Stephen Coonts, William H. Keith
Arctic Gold
The seventh book in the Deep Black series, 2009
PROLOGUE
Latitude 90° N 1445 hours
IT WAS, FEODOR GOLYTSIN THOUGHT, like touching down on the surface of another planet.
“Ostorojna!” Captain Third Rank Dmitri Kurchakov warned. “Careful! Reduce speed of descent!”
“Da, Kepitan,” the helmsman replied.
“Vasily. Give me a readout on the depth below keel.”
“Deseet’ metrov, Kepitan,” the diving officer replied. Ten meters.
Golytsin stooped to peer through the thick quartz window into the alien world beyond. Another planet, yes… a very dark planet. Blacker than the surface of far Pluto, for there, at least, there was a sun, if one shrunken and wan. Here there was nothing save the luminescence of the abyssal fauna, banished now by the light the submarine brought with her from above.
A dark planet, and a deadly one. At a depth of just over forty-two hundred meters, the pressure bearing down on each and every square centimeter of Nomer Chiteereh’s outer nickel-steel hull was almost two tons.

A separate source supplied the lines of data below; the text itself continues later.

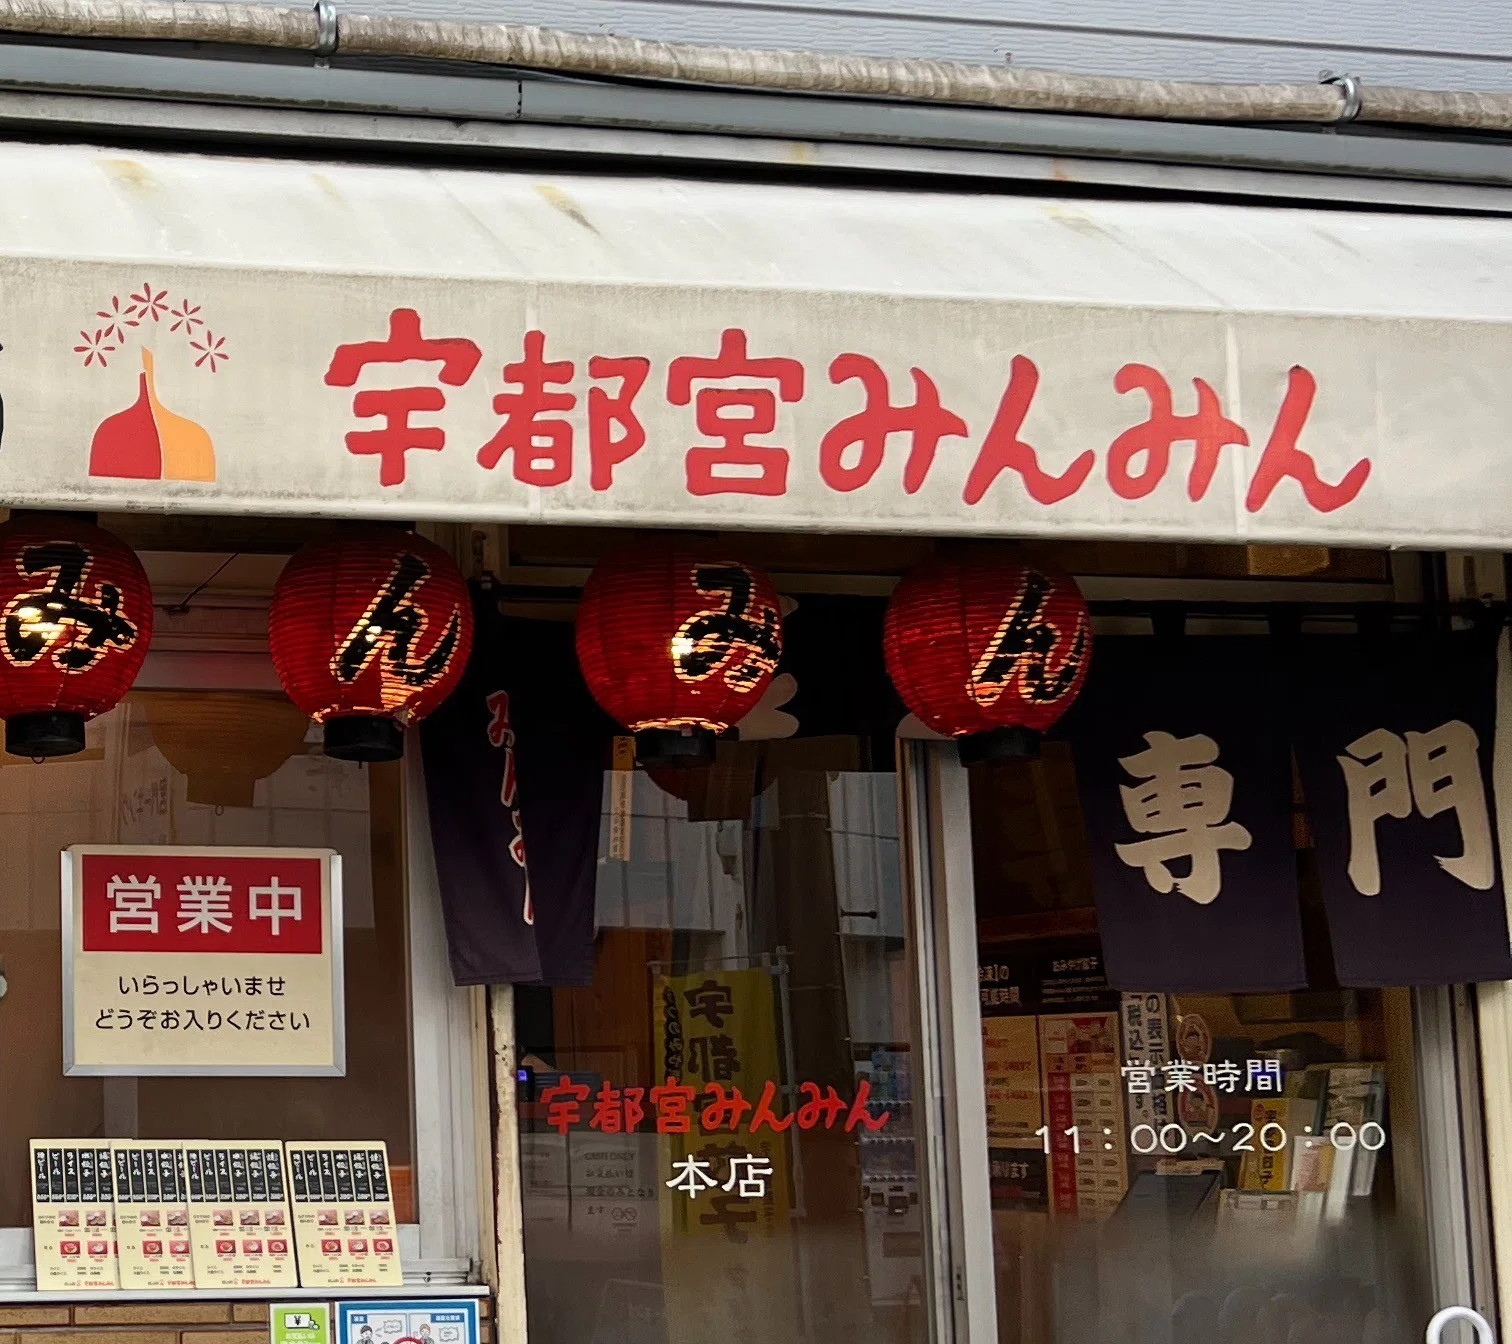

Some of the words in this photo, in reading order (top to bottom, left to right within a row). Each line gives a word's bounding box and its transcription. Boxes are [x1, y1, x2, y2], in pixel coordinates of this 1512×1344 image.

[324, 308, 1373, 514] 宇都宮みんみん
[0, 540, 139, 673] み
[329, 549, 463, 684] ん
[672, 561, 784, 696] み
[966, 568, 1093, 707] ん
[105, 874, 303, 936] 営業中
[117, 974, 287, 997] いらっしゃいませ
[94, 1009, 311, 1032] どうぞお入りください
[539, 1074, 889, 1137] 宇都宮みんみん
[1120, 1059, 1283, 1094] 営業時間
[665, 1153, 774, 1199] 本店

Muck swirled up off the bottom by the minisub’s side thrusters danced in the harsh white glare of the forward lights, like drifting stars. Briefly, something like a worm, half a meter long and fringed with myriad legs or swimmerets, twisted through the unaccustomed light, casting bizarre and writhing shadows within the cold and watery haze.

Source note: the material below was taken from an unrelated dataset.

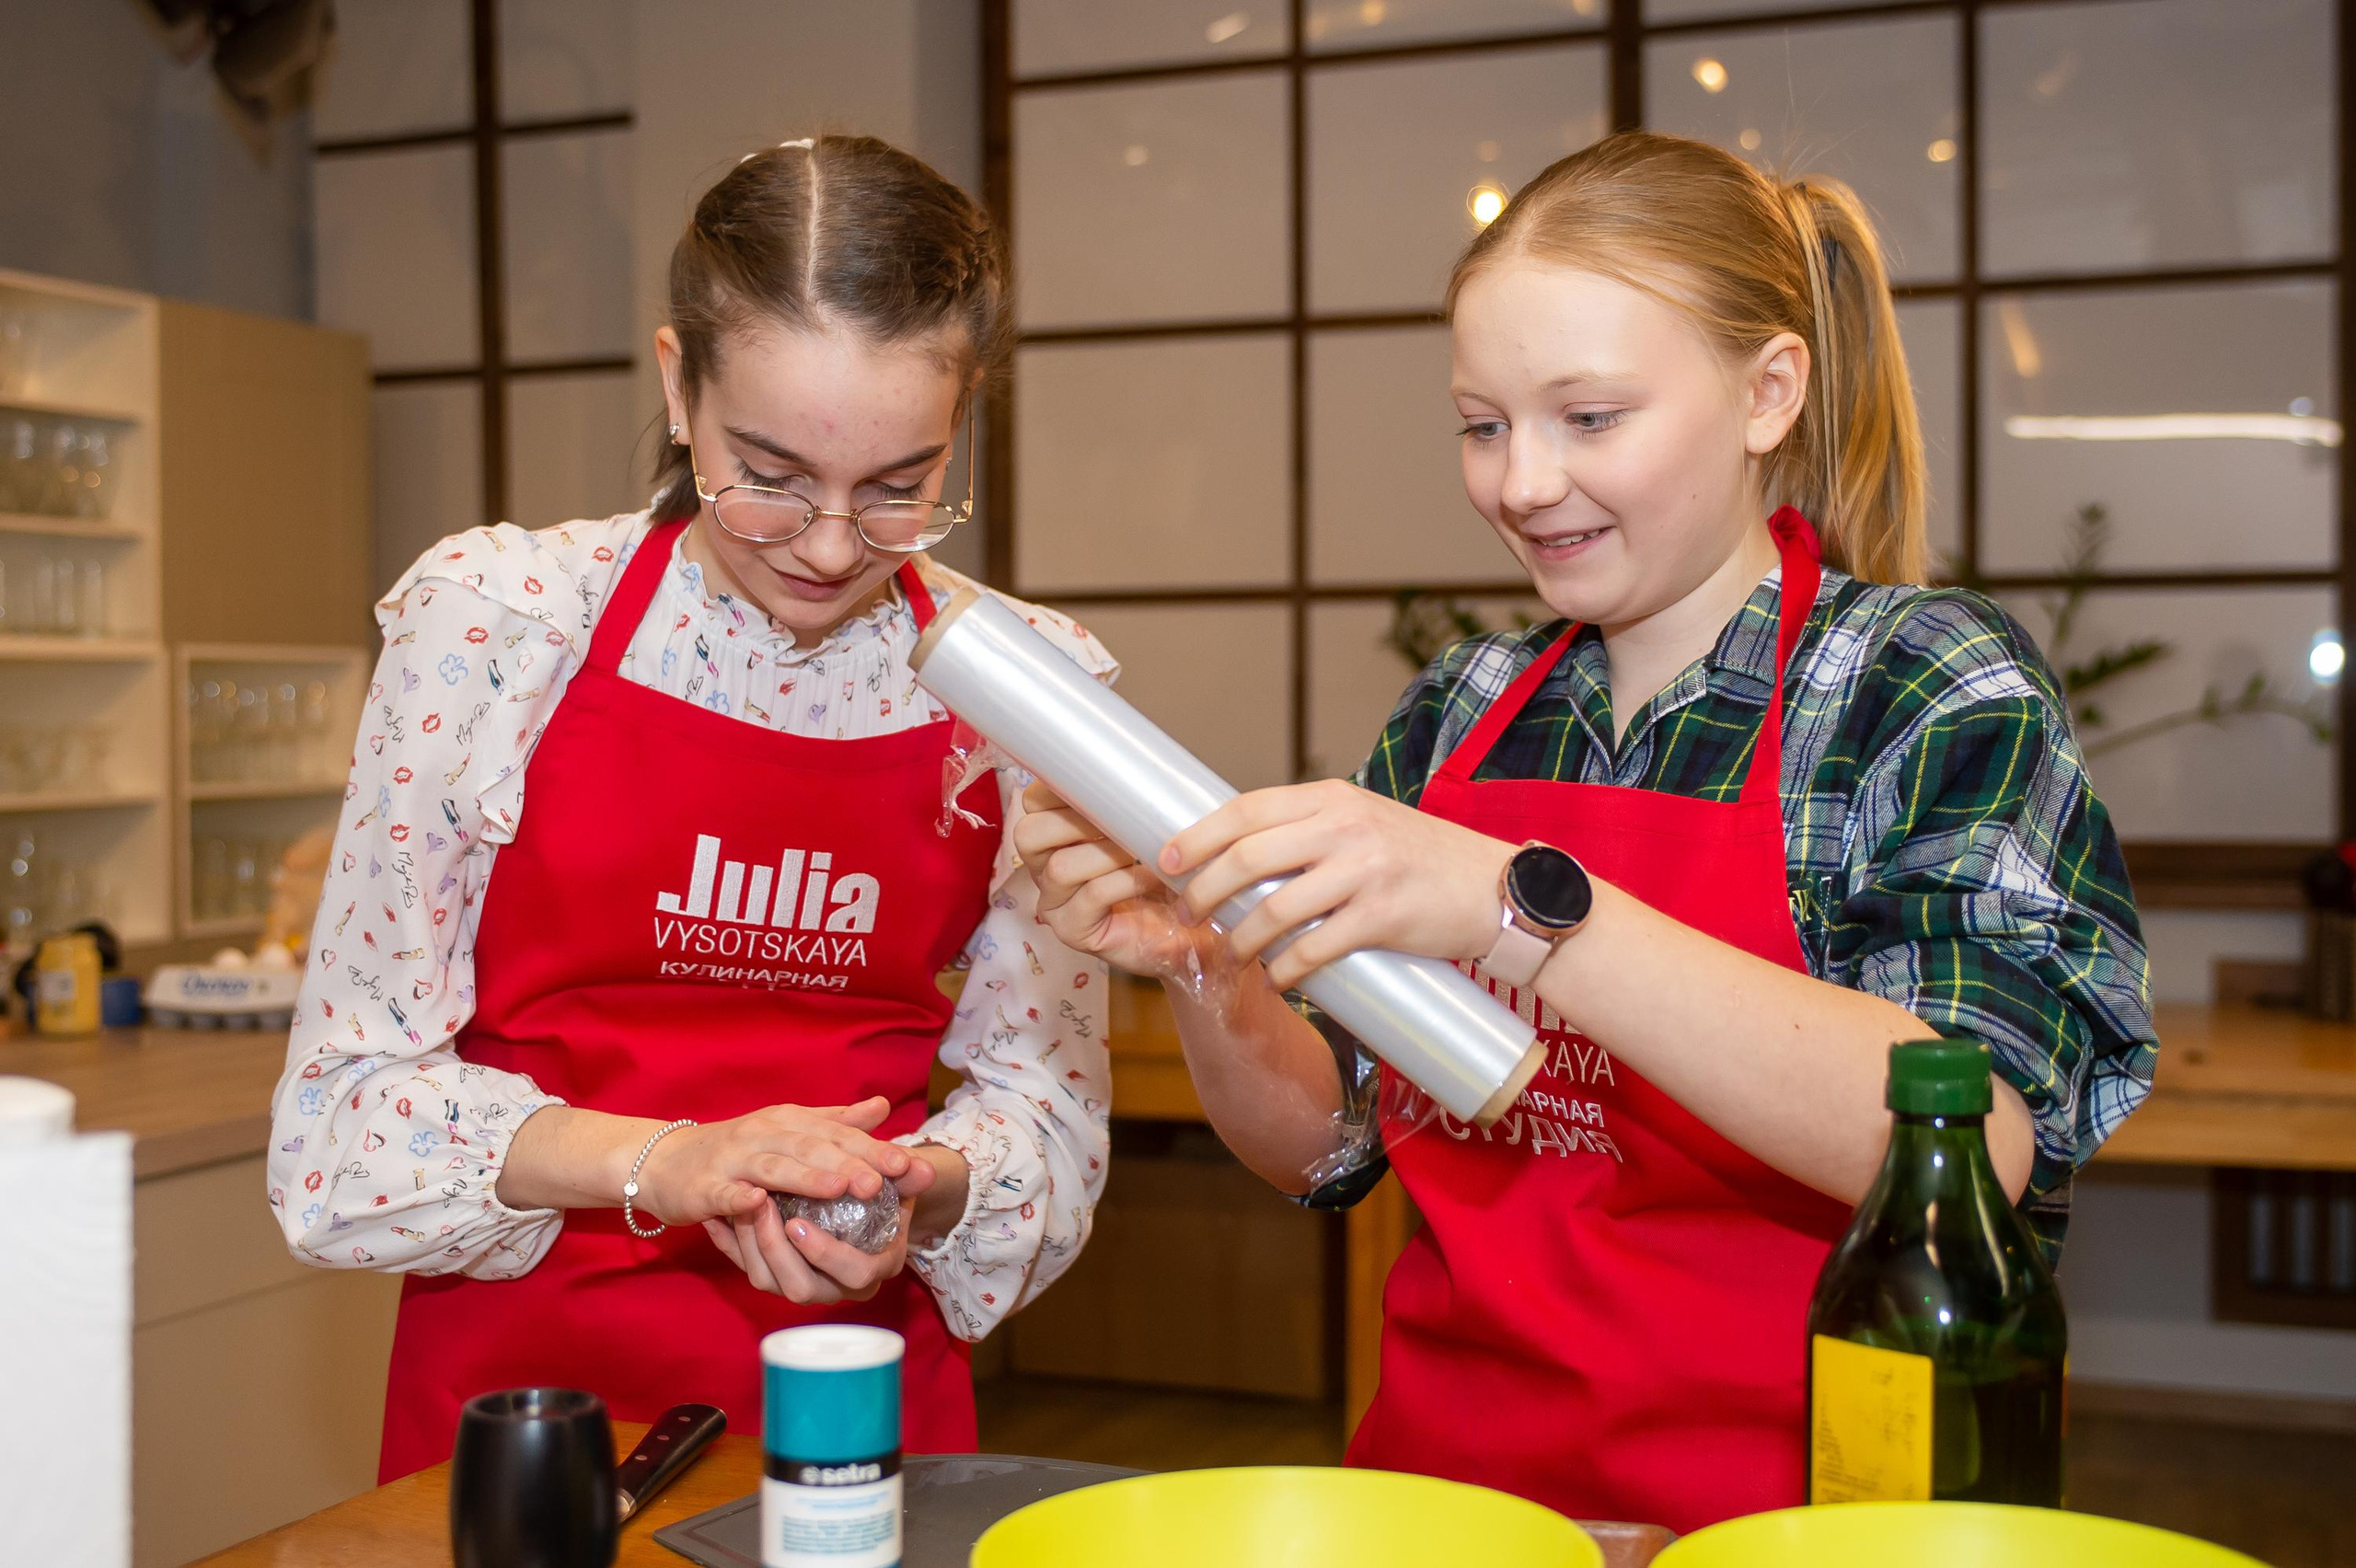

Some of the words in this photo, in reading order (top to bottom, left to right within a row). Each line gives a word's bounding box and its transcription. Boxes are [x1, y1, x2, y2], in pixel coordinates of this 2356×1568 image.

[655, 833, 881, 934] Julia
[653, 917, 867, 967] VYSOTSKAYA
[660, 961, 849, 989] КУЛИНАРНАЯ

Astonishing. Even here, four thousand meters beneath the ice, within this frigid eternal night, there was life.
The submarine was a new, experimental, and highly secret military model with the less-than-glamorous name of Nomer Chiteereh, “Number Four.” Twenty-nine meters long and with a displacement of 150 tons, Nomer Chiteereh could reach depths of six thousand meters and could stay submerged for several days.